CHAPTER XI.

THE COLONISTS OF COLE'S HILL.

The next day both Carver and Bradford were forced to succumb under the epidemic already raging among the colonists, and in another fortnight the hospital and Common house were crowded to their utmost capacity with the beds of the ill and dying. The terrible colds taken in the various explorations, the vile food and bad air of the brig, with the want of ordinary comforts on shore, were at last bearing their fruit in a combination of scurvy, rheumatism, and typhoid fever of a malignant type. On board ship matters were even worse than on shore, and Jones, who would willingly have abandoned the settlers as soon as they were debarked, found himself, perforce, a sharer in their distress through the illness and death of his crew, and the danger of running short of provisions.

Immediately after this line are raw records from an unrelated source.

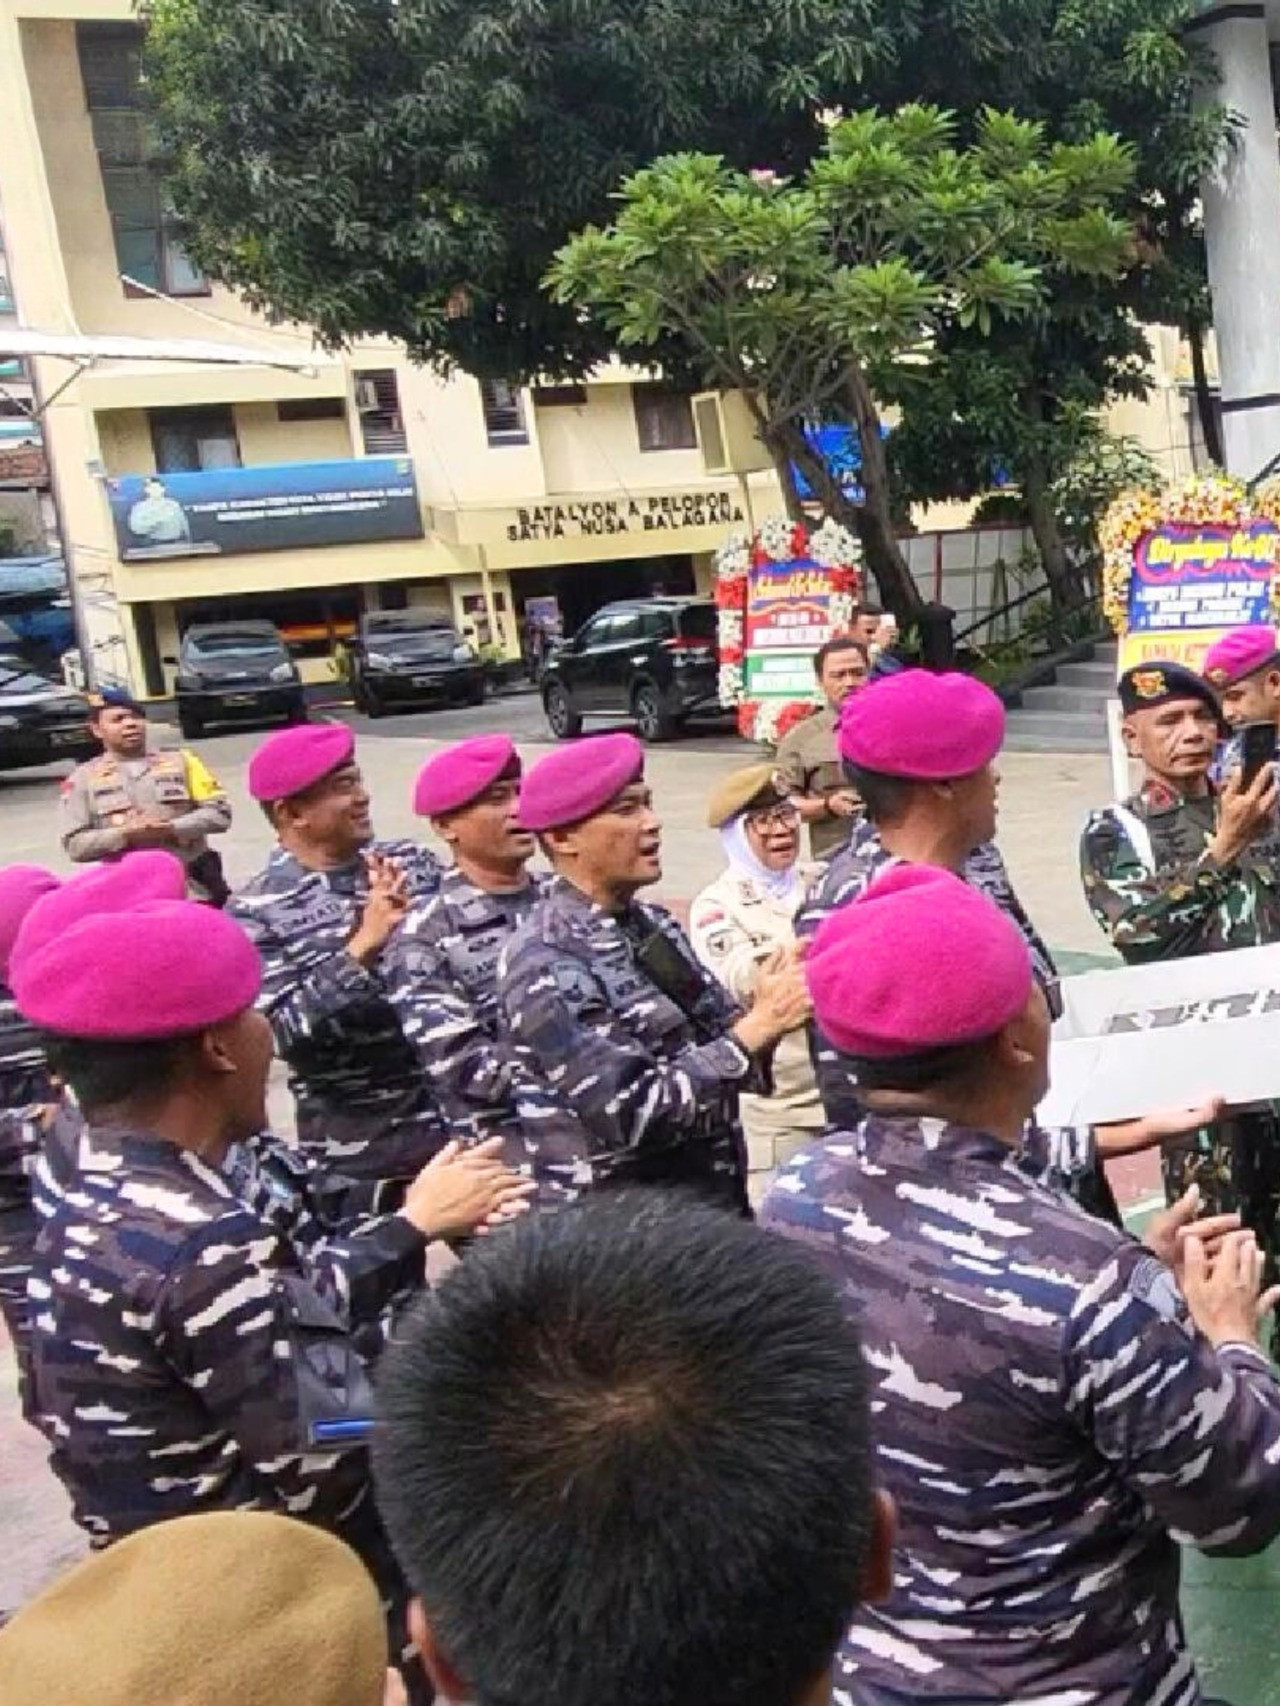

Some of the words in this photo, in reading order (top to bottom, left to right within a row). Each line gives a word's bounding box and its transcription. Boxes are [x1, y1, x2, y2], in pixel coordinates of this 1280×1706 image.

[507, 523, 565, 541] SATYA
[580, 517, 629, 535] NUSA
[642, 506, 744, 532] BALAGANA
[517, 501, 617, 526] BATALYON
[628, 500, 641, 517] A
[648, 492, 730, 512] PELOPOR

The day came at length when of all the company, numbering a hundred and one when they landed, only seven remained able either to nurse the sick or bury the dead, and hour by hour, as these met about their complicated duties, they studied each others faces, in terror of seeing the fatal signs that yet one more was stricken down, and the annihilation of the settlement one step farther advanced.

Of these seven, two were Elder Brewster and Myles Standish, and well did they prove themselves fit to be rulers among the people, for they became servants of all, without hesitation and without affectation, nursing, cooking, dressing loathsome wounds, and ministering in all those homely ways repugnant to refined senses, and especially, perhaps, to the dignity of man. The doctor also kept on foot, although terribly worn with sleeplessness, fatigue, and rheumatism; Peter Browne, none the worse for his day and night in the woods, with Francis Eaton to help him, took charge of digging the graves and burying the dead, already in their silent colony along the brow of Cole's Hill, almost equaling their yet suffering comrades. The two remaining sound ones were Stephen Hopkins and Helen Billington, who, as the only female nurse, was called upon to attend the sick women, so far as she could; this, of course, gave but little time for each patient, and one night the doctor hurriedly said to Standish,—

"Captain, wilt have an eye to-night to those two beds in the corner? 'T is Priscilla Molines and Desire Minter, both shrewdly burned with fever, and needing medicine and care lest they should fall to raving before morning. I'd not ask thee, knowing all thou hast on hand, but goodwife Billington must not quit"—

"Nay, nay, what needs so many words," interrupted Standish. "Give me their medicine and directions, I can care for them well enow and for Bradford whose huckle-bone[4] giveth him sore distress to-night."

"I doubt me if he wins through," said the Doctor softly; "and White and Molines will never see the morning, and Mistress Winslow is going fast—well, I leave the maids and Bradford to thee."

"Ay, I'll do my best," replied Standish briefly.